▸ **What to do**
Give back the whole listing verbatim, printing none of its pictures.
• • •
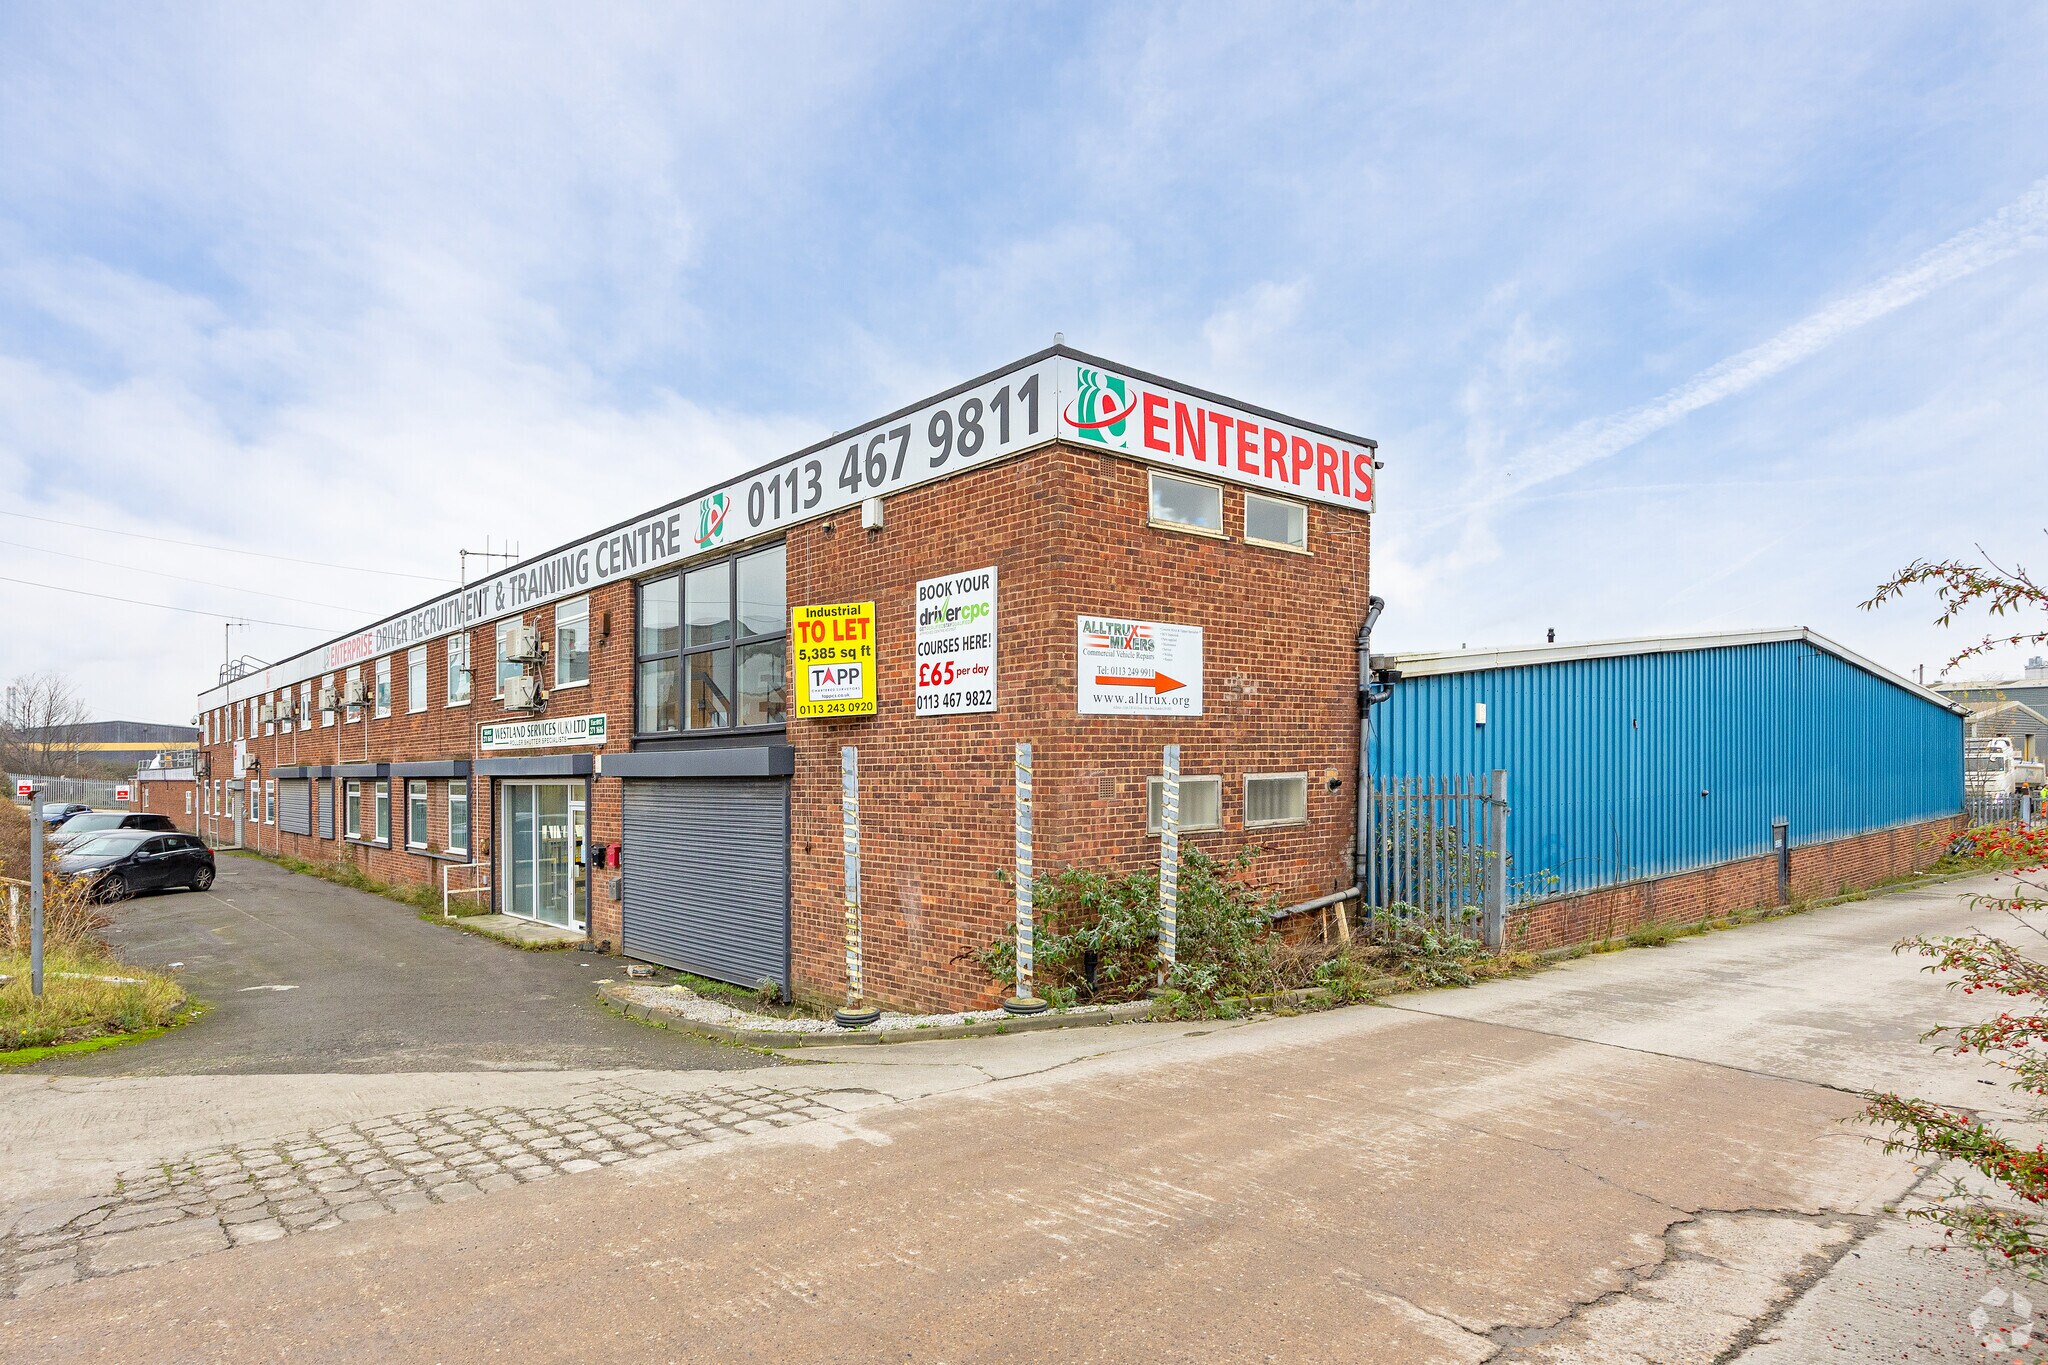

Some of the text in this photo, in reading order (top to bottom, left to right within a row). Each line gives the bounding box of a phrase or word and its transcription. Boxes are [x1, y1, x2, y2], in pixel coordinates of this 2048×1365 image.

[747, 373, 1039, 528] 0113 467 9811
[1142, 391, 1373, 502] ENTERPRIS
[330, 513, 681, 667] ENTERPRISE DRIVER RECRUITMENT & TRAINING CENTRE
[919, 574, 990, 602] BOOK YOUR
[806, 605, 861, 618] Industrial
[798, 618, 870, 643] TO LET
[1082, 620, 1140, 637] ALLTRUX
[918, 633, 992, 656] COURSES HERE!
[1110, 635, 1155, 651] MIXERS
[799, 645, 871, 662] 5,385 sq ft
[1082, 648, 1115, 658] Commercial
[1116, 651, 1135, 659] Vehicle
[1136, 652, 1155, 661] Repairs
[811, 667, 860, 687] TAPP
[919, 660, 989, 687] £65 per day
[1097, 665, 1109, 675] Tel:
[1110, 666, 1126, 676] 0113
[1127, 667, 1139, 676] 249
[800, 702, 873, 715] 0113 243 0920
[917, 689, 992, 710] 0113 467 9822
[1093, 692, 1190, 709] www.alltrux.org
[495, 725, 526, 740] WESTLAND
[527, 722, 556, 737] SERVICES
[573, 719, 587, 734] LTD
• • •
▸ **Written response**
Some of the text in this photo, in reading order (top to bottom, left to right within a row). Each line gives the bounding box of a phrase or word and its transcription. Boxes are [x1, y1, x2, y2], in pixel coordinates of this 2048×1365 image.

[747, 373, 1039, 528] 0113 467 9811
[1142, 391, 1373, 502] ENTERPRIS
[330, 513, 681, 667] ENTERPRISE DRIVER RECRUITMENT & TRAINING CENTRE
[919, 574, 990, 602] BOOK YOUR
[806, 605, 861, 618] Industrial
[798, 618, 870, 643] TO LET
[1082, 620, 1140, 637] ALLTRUX
[918, 633, 992, 656] COURSES HERE!
[1110, 635, 1155, 651] MIXERS
[799, 645, 871, 662] 5,385 sq ft
[1082, 648, 1115, 658] Commercial
[1116, 651, 1135, 659] Vehicle
[1136, 652, 1155, 661] Repairs
[811, 667, 860, 687] TAPP
[919, 660, 989, 687] £65 per day
[1097, 665, 1109, 675] Tel:
[1110, 666, 1126, 676] 0113
[1127, 667, 1139, 676] 249
[800, 702, 873, 715] 0113 243 0920
[917, 689, 992, 710] 0113 467 9822
[1093, 692, 1190, 709] www.alltrux.org
[495, 725, 526, 740] WESTLAND
[527, 722, 556, 737] SERVICES
[573, 719, 587, 734] LTD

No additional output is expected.